A Prefeitura de Manaus, por meio da Secretaria Municipal de Saúde (Semsa), está participando pela primeira vez do projeto Vivências e Estágios na Realidade do SUS (Ver-SUS), uma iniciativa estruturada para possibilitar que estudantes, residentes e trabalhadores da saúde integrem uma imersão formativa nos territórios e nas práticas do Sistema Único de saúde (SUS).
O projeto é de âmbito nacional e faz parte do Programa Nacional de Vivências no Sistema Único de saúde (Vivências no SUS), uma parceria entre Ministério da saúde, Organização Pan-Americana da saúde (Opas), REDE Unida e outras instituições, com foco na vivência de estudantes de áreas diversas no cotidiano do SUS, fortalecendo a formação e a integração ensino-serviço-comunidade.
A edição de Manaus reúne um grupo formado por 11 participantes que desde segunda-feira, 6/4, acompanha a rotina de comunidades ribeirinhas e tradicionais vinculadas à unidade de saúde da Família Rural (USFR) Nossa Senhora do Livramento, localizada a 20 quilômetros em linha reta do centro urbano de Manaus. A proposta é possibilitar aos participantes compreender, na prática, os desafios logísticos, culturais e assistenciais do cuidado em territórios amazônicos.
A coordenadora da Residência Multiprofissional de saúde de Família e Comunidade da escola de saúde Pública de Manaus (Esap), sanitarista Thalita Guedes, destacou que o programa permite que estudantes e profissionais da saúde conheçam o SUS na prática, focando na prevenção, promoção da saúde e respeito às culturas locais.
“Nesta edição, nós temos um ganho importante porque envolvemos não só os alunos de graduação, mas alunos de cursos técnicos de saúde e residentes em saúde, interagindo em diferentes espaços”, destaca Thalita, informando que essa é a primeira vez que Manaus sedia o programa, que tem o objetivo de proporcionar a compreensão de como o SUS funciona no território amazônico. “Nosso intuito é mostrar que além da cura, o SUS atua também na prevenção de doenças e na promoção da saúde, o que significa respeitar a cultura local e os modos de vida das populações”.

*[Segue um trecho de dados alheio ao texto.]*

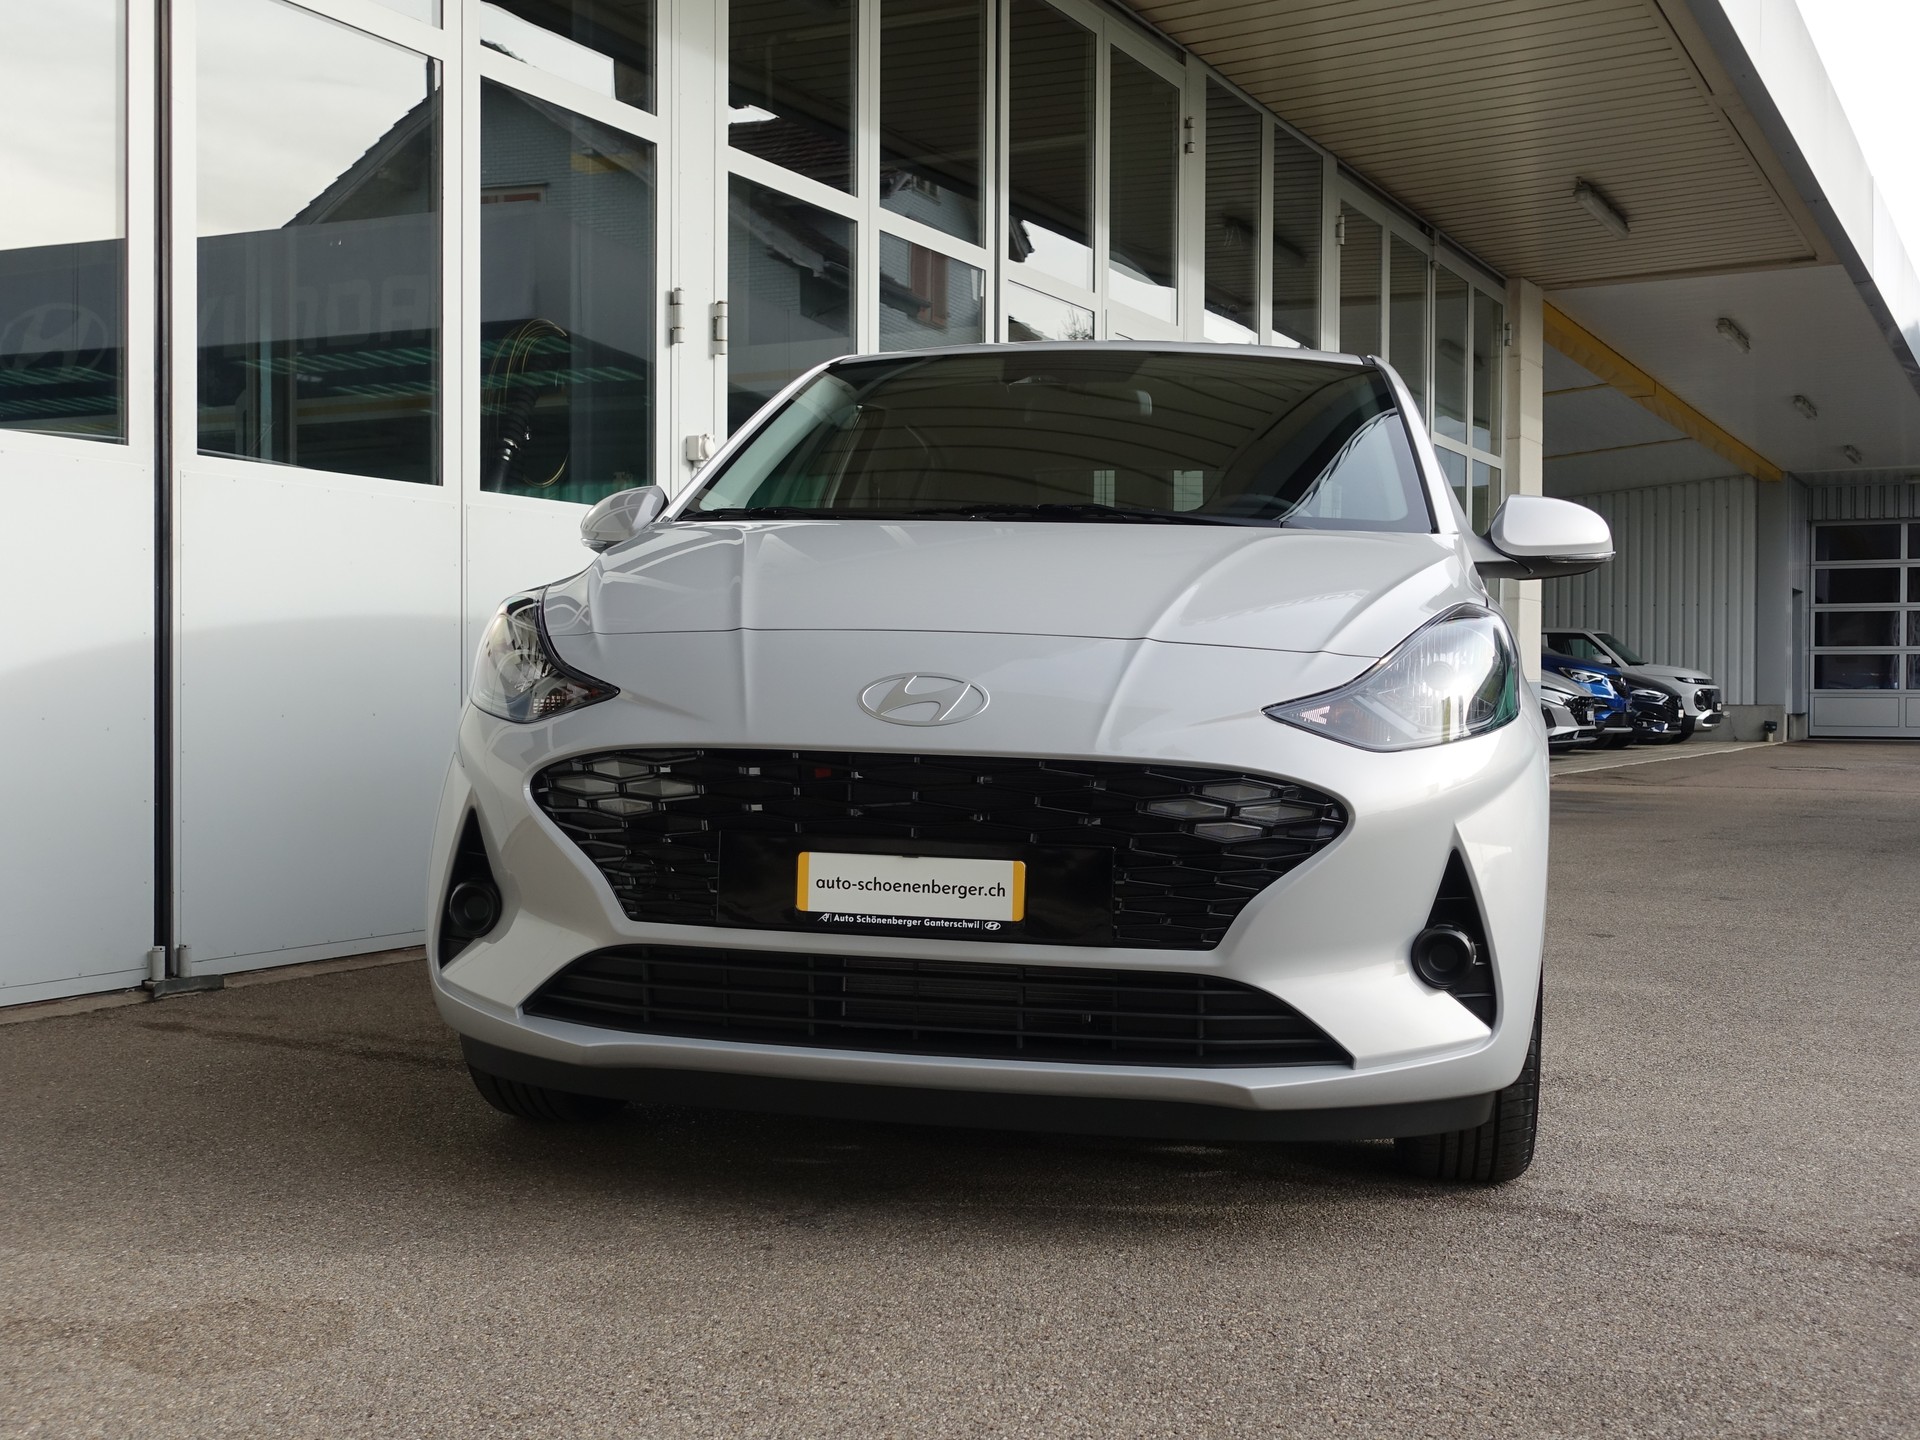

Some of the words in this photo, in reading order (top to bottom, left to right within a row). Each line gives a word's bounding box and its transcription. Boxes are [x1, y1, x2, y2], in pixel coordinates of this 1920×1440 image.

[815, 876, 1007, 899] auto-schoenenberger.ch
[833, 913, 855, 923] Auto
[856, 914, 922, 928] Schönenberger
[923, 918, 980, 929] Ganterschwil
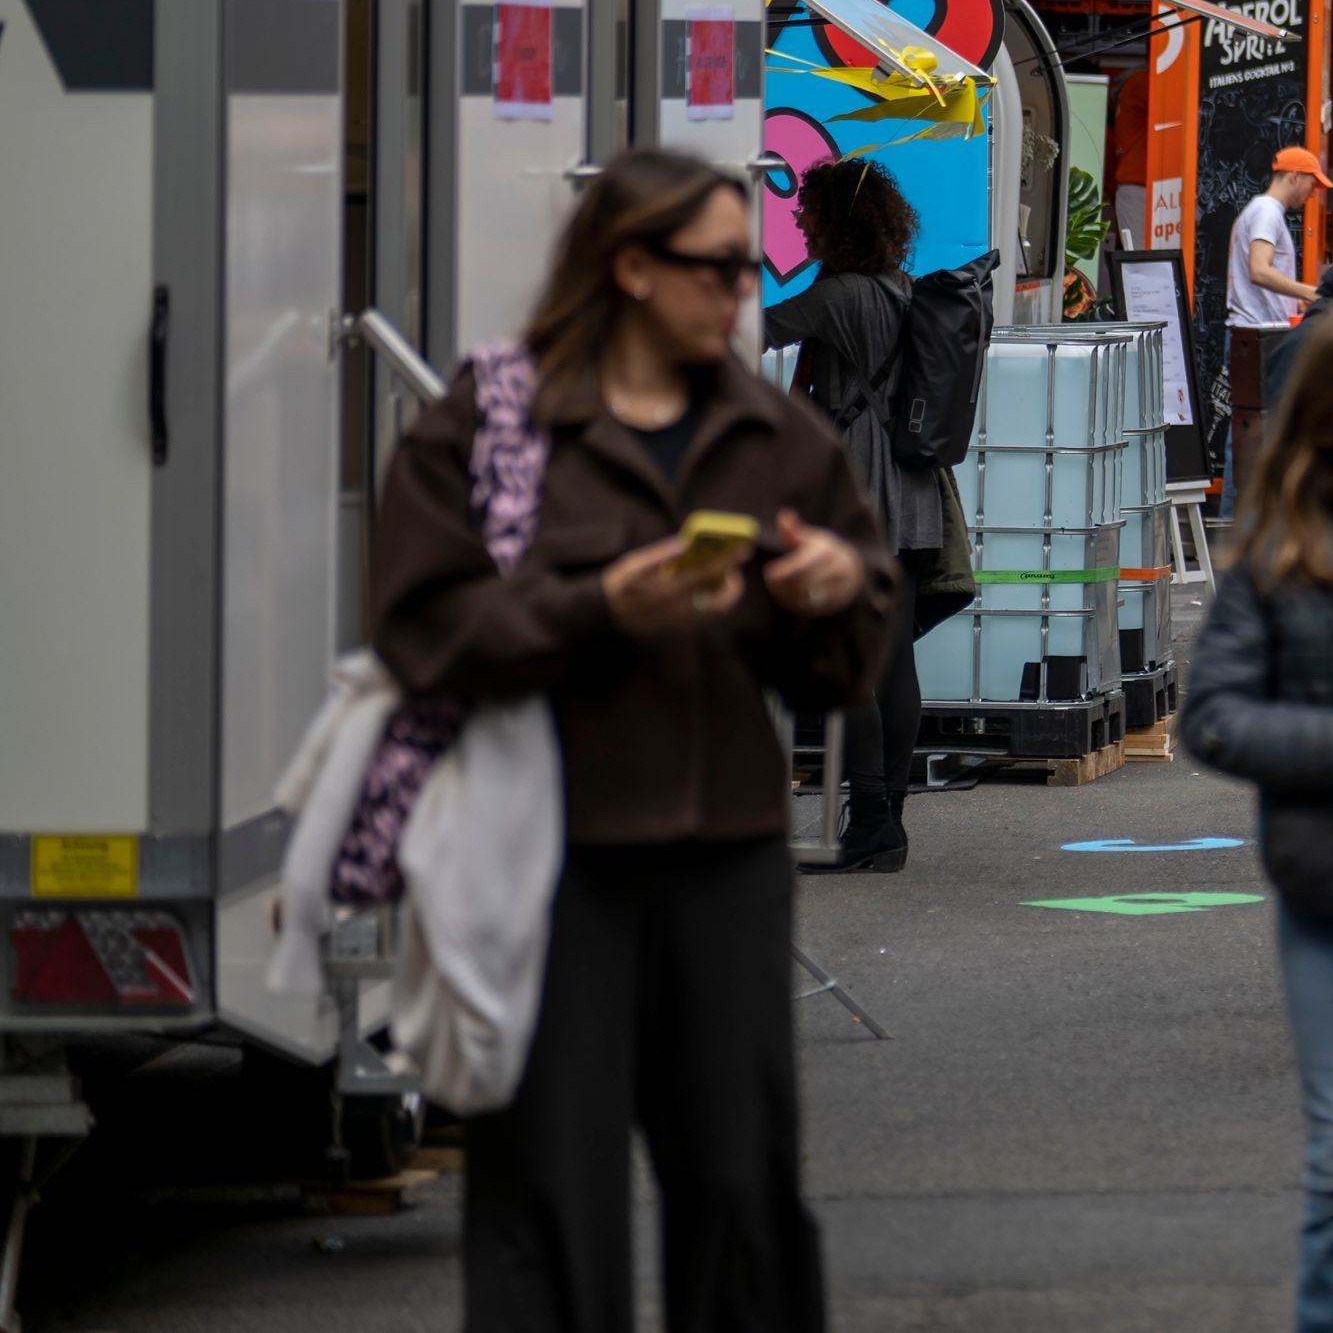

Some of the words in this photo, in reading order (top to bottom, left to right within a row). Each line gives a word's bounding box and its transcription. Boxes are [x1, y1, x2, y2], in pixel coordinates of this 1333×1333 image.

[1220, 32, 1286, 66] SPRI
[1209, 69, 1244, 89] ITALIENS
[1244, 64, 1280, 82] COCKTAIL

Na manhã da quarta-feira, 8/4, os participantes acompanharam as equipes da Semsa vinculadas à USFR Livramento na oferta de atendimentos aos moradores das comunidades de Julião e Tupé.

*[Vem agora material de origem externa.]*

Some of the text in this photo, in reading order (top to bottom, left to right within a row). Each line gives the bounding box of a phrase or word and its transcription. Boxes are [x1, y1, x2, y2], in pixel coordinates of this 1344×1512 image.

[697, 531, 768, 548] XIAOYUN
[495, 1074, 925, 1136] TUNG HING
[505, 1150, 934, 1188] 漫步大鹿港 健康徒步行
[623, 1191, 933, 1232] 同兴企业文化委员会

Além das experiências em comunidades indígenas, rurais e ribeirinhas, com participação da população local, a programação, que será concluída neste sábado, 11/4, envolve participação dos viventes em rodas de conversa sobre controle social, cuidado intercultural e medicina indígena, além de oficinas com os temas “Rios da Vida”, “Mapa Falante” e “Arte e saúde”.
Acesso à saúde
O psicólogo Vitor Amazonas, residente em saúde indígena que está atuando como facilitador do programa, teve oportunidade de ser vivente em Manicoré, município cujo acesso é realizado principalmente por via fluvial. Para Vitor, as vivências possibilitam uma troca mútua e enriquecedora de conhecimentos e experiências que são importantes tanto para o desenvolvimento profissional quanto pessoal.
“A vivência em diferentes serviços de saúde, incluindo a atenção básica e a atenção secundária, o contato com movimentos sociais e as comunidades, nos proporciona uma visão abrangente do território. Essa experiência transforma nosso atendimento, porque nos permite uma compreensão mais humanizada e aprofundada sobre os princípios da universalidade, integralidade e equidade. Compreendemos a importância de garantir o acesso à saúde para todos, independentemente da localização geográfica”, resumiu.
A estudante Milena Reis está fazendo graduação em enfermagem na Universidade Federal da Bahia e participa pela primeira vez do “Vivências no SUS” e destaca que a experiência está agregando muito valor à sua formação.
“Ter a oportunidade de ver como o SUS é vivo, como se molda a partir das necessidades da população é uma experiência enriquecedora. A minha cidade, por exemplo, é predominantemente urbana e aqui eu já vejo as comunidades ribeirinhas e indígenas. Há uma adaptação para atender essas populações, e isso é uma experiência rica para mim, enquanto futura profissional de saúde e que deseja imensamente fortalecer o SUS”, concluiu.